Damnation Crusade is a six-issue comic book limited series from Boom! Studios, written by Dan Abnett and Ian Edginton.

Set in the fictional world of Warhammer 40,000, it is a vision of never-ending war. Its storyline follows several different Space Marines of the Black Templars chapter.

==Characters and plot==
The series follows several characters in each issue. Dates and places are given in the form of crusade names and battlefields.

Sword Brethren Gerhart, part of Marshal Korneliusz's Company, is followed fighting at the battle of Carrion Gulf, during the Third Year of the Torment Crusade, fighting Chaos Space Marines. He is seen earlier fighting Necrons at the Succubae Gates, where his fellow Space Marines fear he has too much pride, a sin to the Black Templar Space Marines. While declaring his own feats of victory, his brothers try to persuade him that they are merely servants of the Emperor, and how that they fight only for His glory. He is called away by Marshal Korneliusz, who subtly warns him of his sinning, at which Gerhart sees how he was wrong to act in the way that he was. Gerhart is then shown going to a chapel, meeting with Chaplain Ecastus to ask forgiveness of his vanity and ego, only for the Chaplain to say that Gerhart has none, and only chases battle to praise the Emperor. Later, Gerhart is part of the assault on Magnum Christi, a minor moon on a back-water planet that had been taken over by the forces of Chaos. The Chaos forces flee, despite having both the troops and the tactical positions to drag out the fight. Gerhart and other fellow Space Marines follow the retreating forces of Chaos, only to find why Chaos had invaded the planet; Two Titans, legendary machines of war, have been found by the forces of Chaos. As his squad mates die one by one in duels with Chaos Astartes and with Brother Skeld's reinforcements en route but delayed, Brother Gerhart makes a final stand.

Brother Tankred is a Dreadnought. who is awakened by Techmarine Arnulf to fight on the Eve of the Kasiroth Offensive. The Kasiroth Offensive is a battle against Tau, where Tankred suffers damage from a Battlesuit, although Tankred makes short work of it soon after. Tankred is next shown awakening before repairs from the previous battle were carried out. As the servitors under Arnulf's command scurry for more chemicals to soothe Tankred back to sleep, Tankred declares he has had enough sleep and wishes to speak to Arnulf of previous battles and times, despite the pain of being repaired.
When Tankred next awakes, it has been over two centuries and Arnulf is dead, replaced by Techmarine Piramus, his Adept. Piramus informs Tankred on the situation, that Tankred is tasked with destroying a Daemon Prince of Chaos that has destroyed countless Imperial Forces sent to destroy it.
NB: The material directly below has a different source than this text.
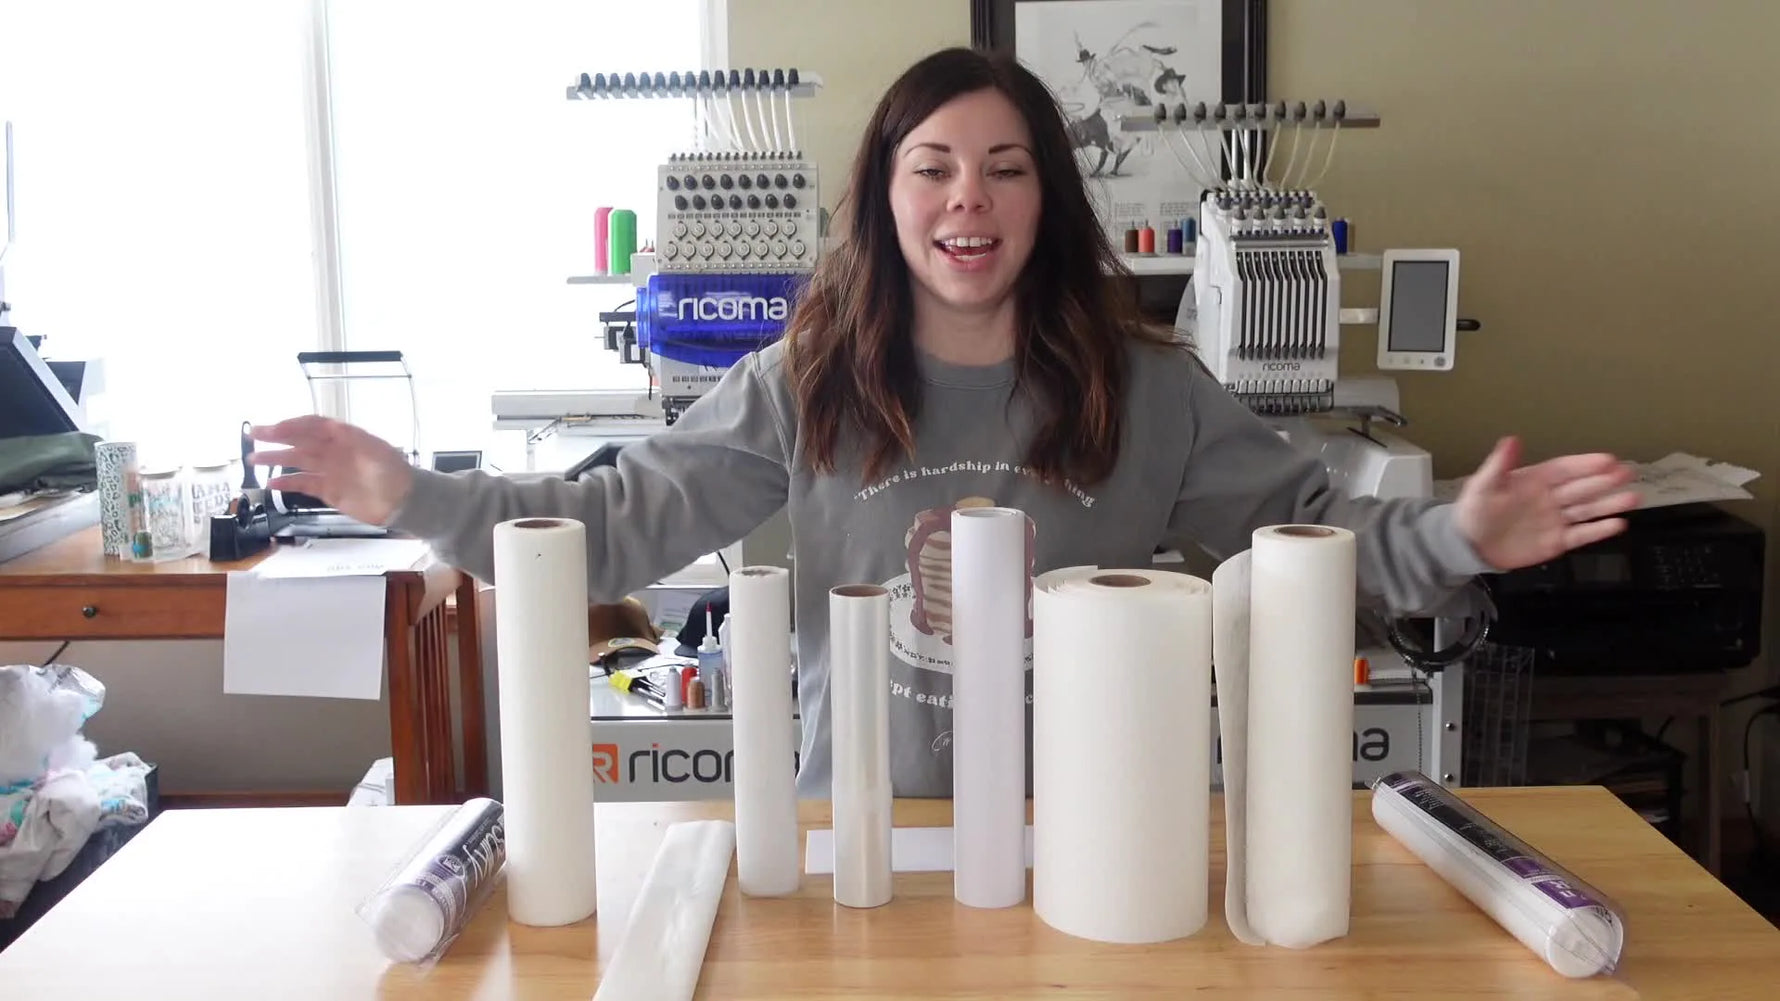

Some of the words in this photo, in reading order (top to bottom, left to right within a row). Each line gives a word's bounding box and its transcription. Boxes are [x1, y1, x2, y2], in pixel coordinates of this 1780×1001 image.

Recruit Raclaw, on Kilhaven, has been chosen to join the Black Templars after being forced to fight for his life against fellow kinsmen and an alien tiger-creature called a Carnodon. Victorious, he is chosen to be tutored in the ways of war by Brother Brunner. Raclaw is then shown after going through the rigorous surgical process of becoming a Space Marine. His first test is fighting and killing another recruit whose body reacted violently with the surgical process and is no more than a ravening monster. Raclaw goes on to suffocate it with the very broken chains that kept it secured to a wall. Raclaw is then shown having become a Neophyte, about to be led into battle against Orks, and survives the battle, causing many casualties against the Greenskin forces after fighting back to back with Brother Cassius. Shortly after, Raclaw and Brunner are part of the Relief of Helespont, where they fight against the forces of the Eldar. Brunner is killed, ripped in half by a Wraithlord. After the battle, which the Black Templars are victorious, Brother Tove replaces the deceased Brunner as Raclaw's Initiate.
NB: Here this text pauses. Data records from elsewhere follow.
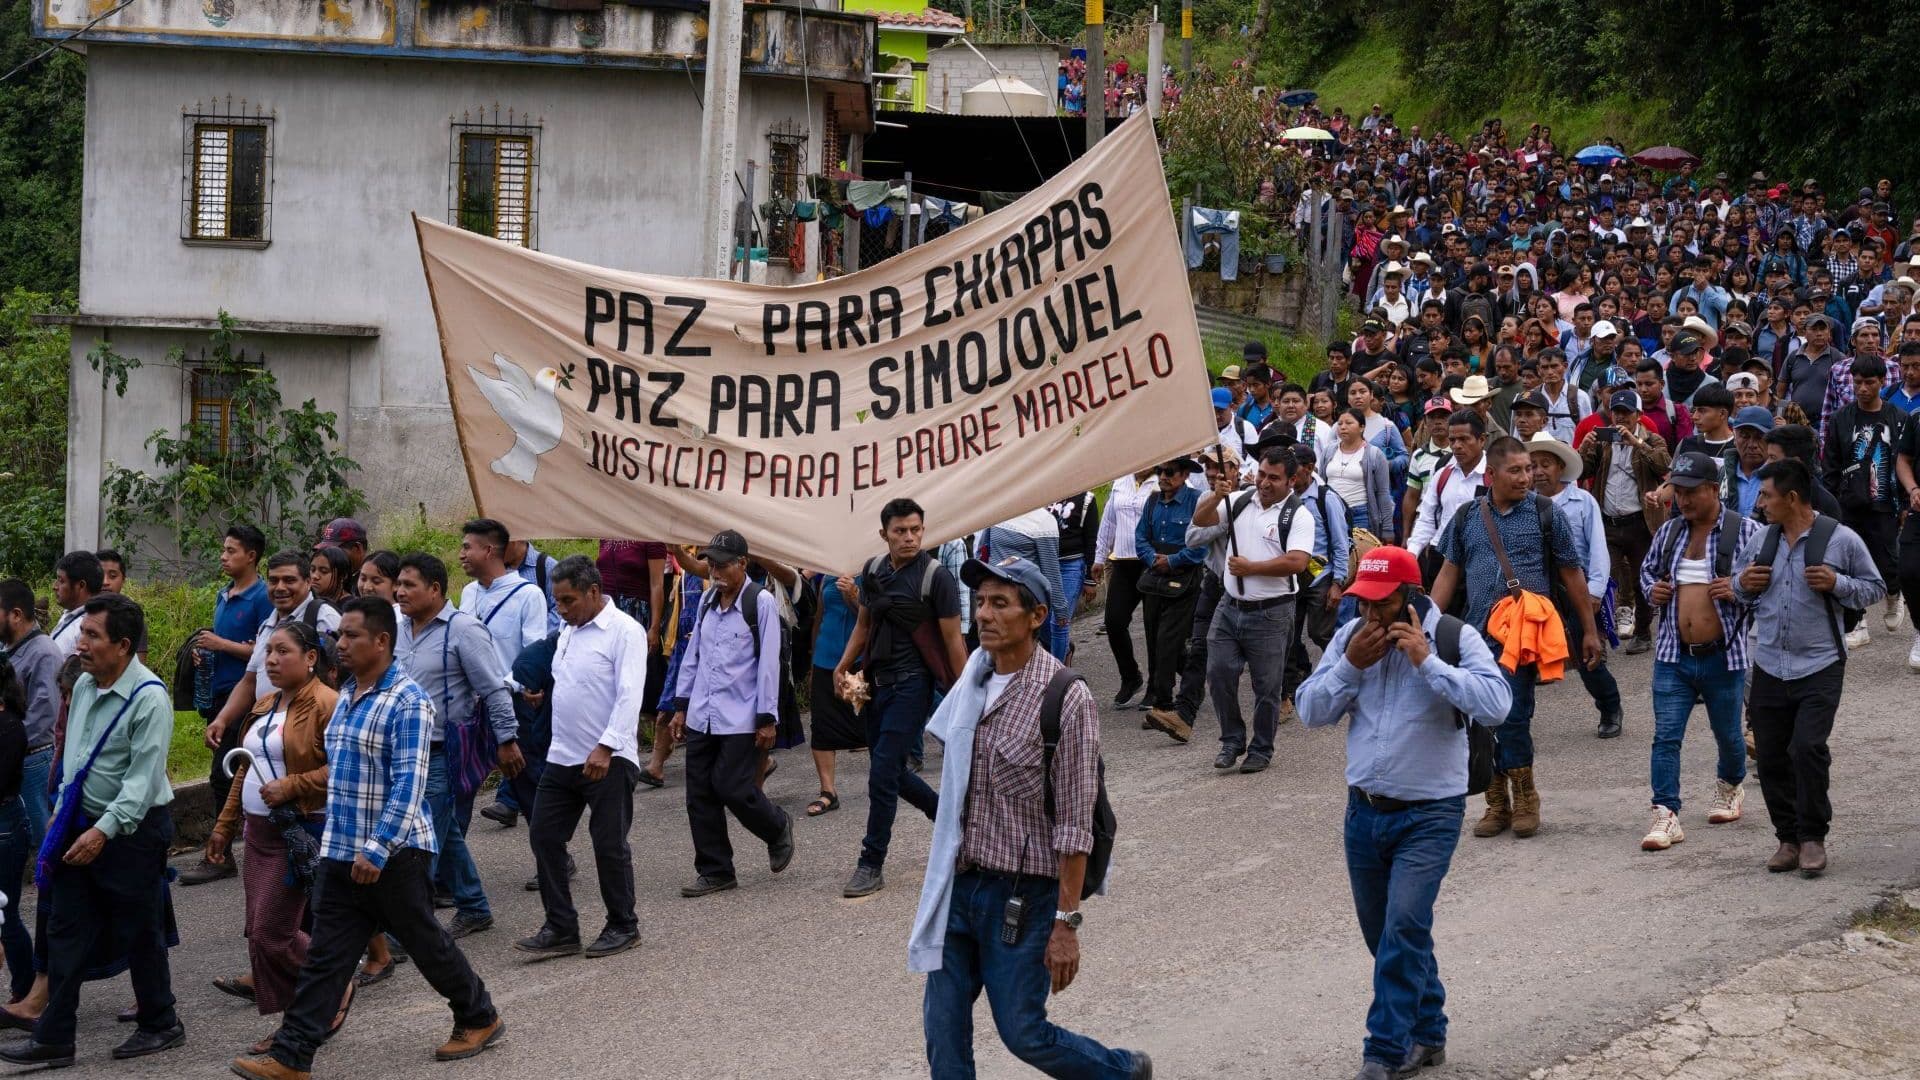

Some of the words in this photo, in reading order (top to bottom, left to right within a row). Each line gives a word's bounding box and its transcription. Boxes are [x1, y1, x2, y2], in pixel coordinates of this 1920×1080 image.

[585, 286, 711, 356] PAZ
[763, 285, 904, 355] PARA
[923, 182, 1112, 328] CHIAPAS
[586, 357, 686, 428] PAZ
[707, 369, 840, 438] PARA
[868, 264, 1143, 420] SIMOJOVEL
[585, 431, 727, 491] JUSTICIA
[742, 450, 840, 498] PARA
[852, 441, 888, 491] EL
[896, 404, 1003, 479] PADRE
[1012, 332, 1174, 438] MARCELO
The ending of the six-part story shows Raclaw being elevated to the status of Initiate after six decades of training and taking Brunner's forename, "Gerhart", as his own. As the ending unfolds, it seems that Raclaw was Brother Gerhart when he was a Neophyte, and after taking serious and mortal wounds while fighting a successful last stand in the Battle of Carrion Gulf on Magnum Christi, Brother Gerhart was in turn placed in Dreadnought armour. Meanwhile, the Dreadnought Tankred is shown fighting the unnamed Daemon Prince and, although badly damaged, he manages to slay the monster. Shortly after the battle, he is shown being tended to by Techmarine Piramus when Brother Tove, whose full name is revealed to be "Tove Skeld", enters the room where Tankred is hoisted for repairs. He tells the Techmarine that Tove was once Tankred's Initiate and later his Brother-in-Arms. Now that it is known that Tankred was once Brother Gerhart of the Sword Brethren, and before that he was Neophyte Raclaw. The story ends with a barely conscious Tankred saying "Tankred endures...", alluding to the idea that the whole plot revolves around one individual rather than three different ones, to which Tove replies, "As do we all, Brother – In the Emperor's Name!".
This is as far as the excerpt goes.